**Goal of the exercise:**
Restate exactly, and only, the lines spanning from the one with "Some of the text" to the end of the records below.

**Provided data:**
┌────────
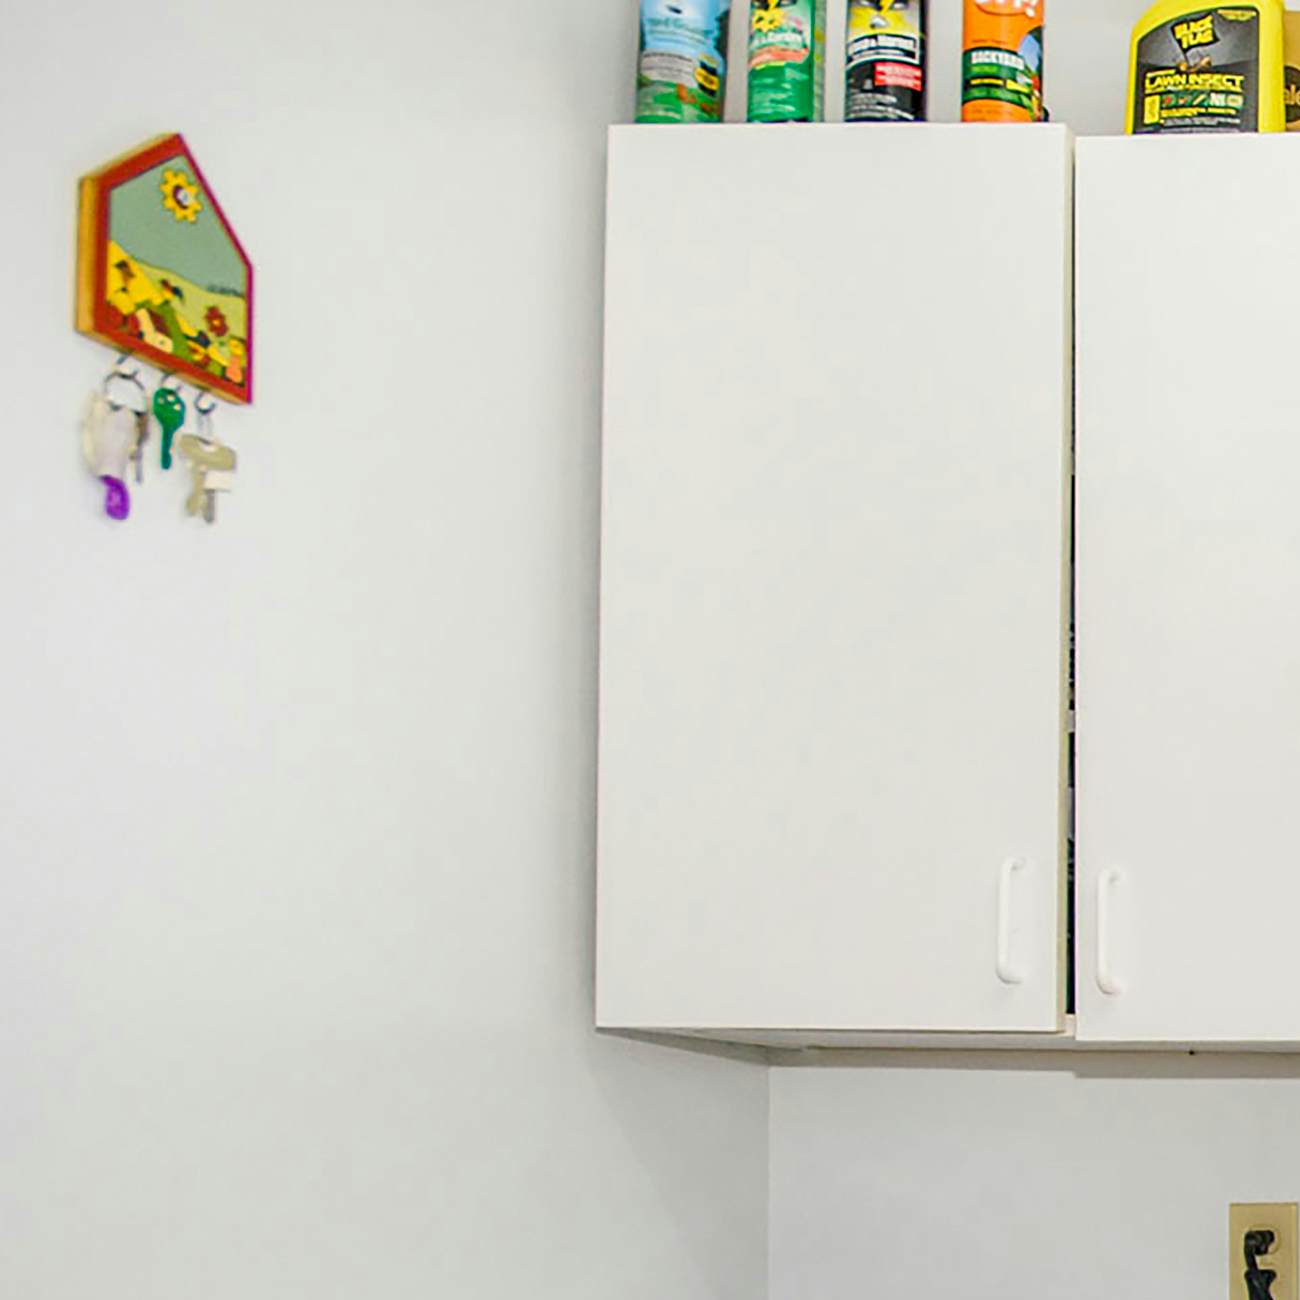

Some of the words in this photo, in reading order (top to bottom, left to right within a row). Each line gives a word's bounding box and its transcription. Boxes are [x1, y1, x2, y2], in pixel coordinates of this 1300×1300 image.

[1174, 15, 1213, 39] BLACK
[1180, 30, 1213, 48] FLAG
[1145, 74, 1186, 89] LAWN
[1189, 74, 1244, 87] INSECT
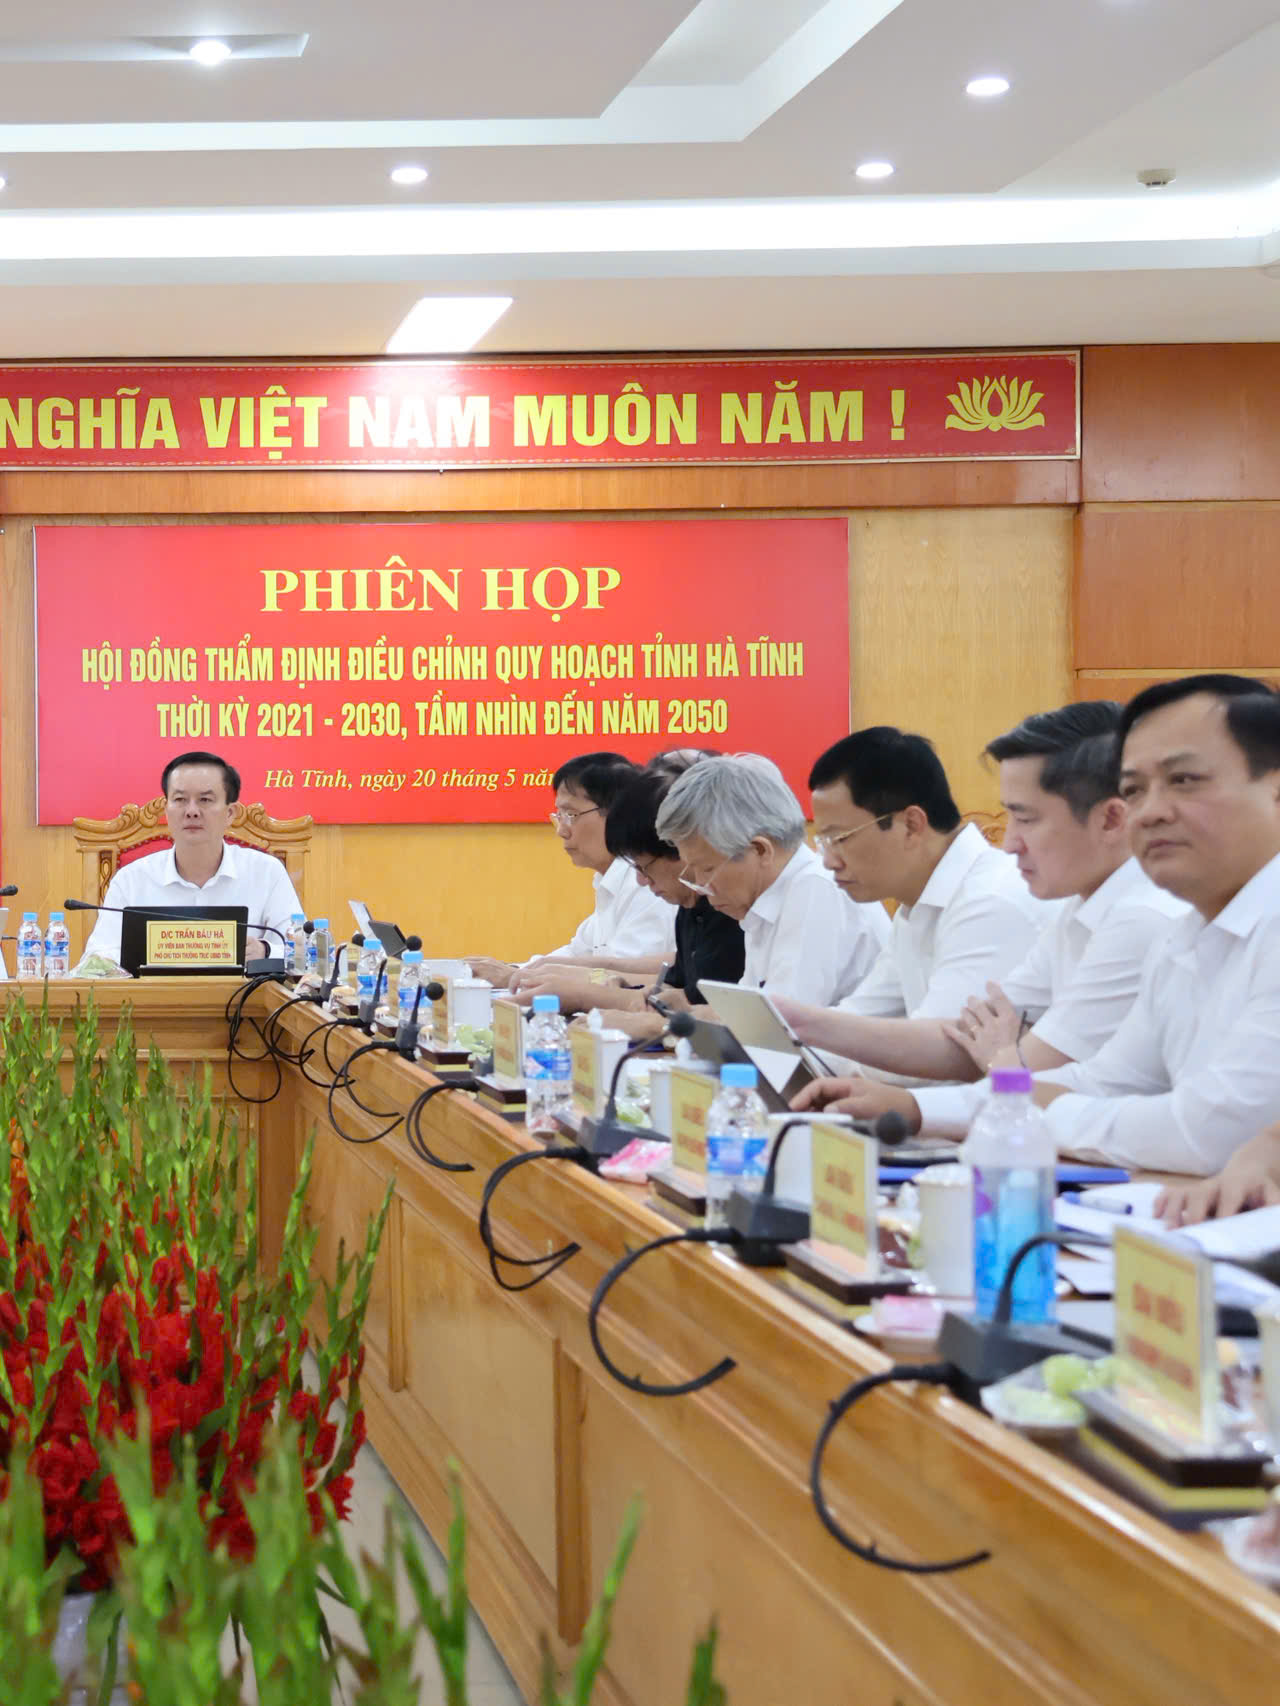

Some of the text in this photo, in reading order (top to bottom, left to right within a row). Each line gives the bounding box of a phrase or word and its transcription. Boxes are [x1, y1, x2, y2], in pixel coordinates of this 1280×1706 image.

[200, 384, 328, 461] VIỆT
[348, 396, 490, 450] NAM
[513, 382, 698, 448] MUÔN
[720, 380, 864, 444] NĂM
[891, 390, 905, 441] !
[260, 554, 621, 623] PHIÊN HỌP
[82, 632, 804, 691] HỘI ĐỒNG THẨM ĐỊNH ĐIỀU CHỈNH QUY HOẠCH TỈNH HÀ TĨNH
[156, 690, 728, 740] THỜI KỲ 2021 - 2030, TẦM NHÌN ĐẾN NĂM 2050
[263, 769, 294, 788] Hà
[301, 769, 353, 790] Tĩnh,
[359, 769, 407, 792] ngày
[412, 769, 437, 787] 20
[441, 769, 500, 791] tháng
[503, 769, 516, 787] 5
└────────
**Answer for the task:**
Some of the text in this photo, in reading order (top to bottom, left to right within a row). Each line gives the bounding box of a phrase or word and its transcription. Boxes are [x1, y1, x2, y2], in pixel coordinates of this 1280×1706 image.

[200, 384, 328, 461] VIỆT
[348, 396, 490, 450] NAM
[513, 382, 698, 448] MUÔN
[720, 380, 864, 444] NĂM
[891, 390, 905, 441] !
[260, 554, 621, 623] PHIÊN HỌP
[82, 632, 804, 691] HỘI ĐỒNG THẨM ĐỊNH ĐIỀU CHỈNH QUY HOẠCH TỈNH HÀ TĨNH
[156, 690, 728, 740] THỜI KỲ 2021 - 2030, TẦM NHÌN ĐẾN NĂM 2050
[263, 769, 294, 788] Hà
[301, 769, 353, 790] Tĩnh,
[359, 769, 407, 792] ngày
[412, 769, 437, 787] 20
[441, 769, 500, 791] tháng
[503, 769, 516, 787] 5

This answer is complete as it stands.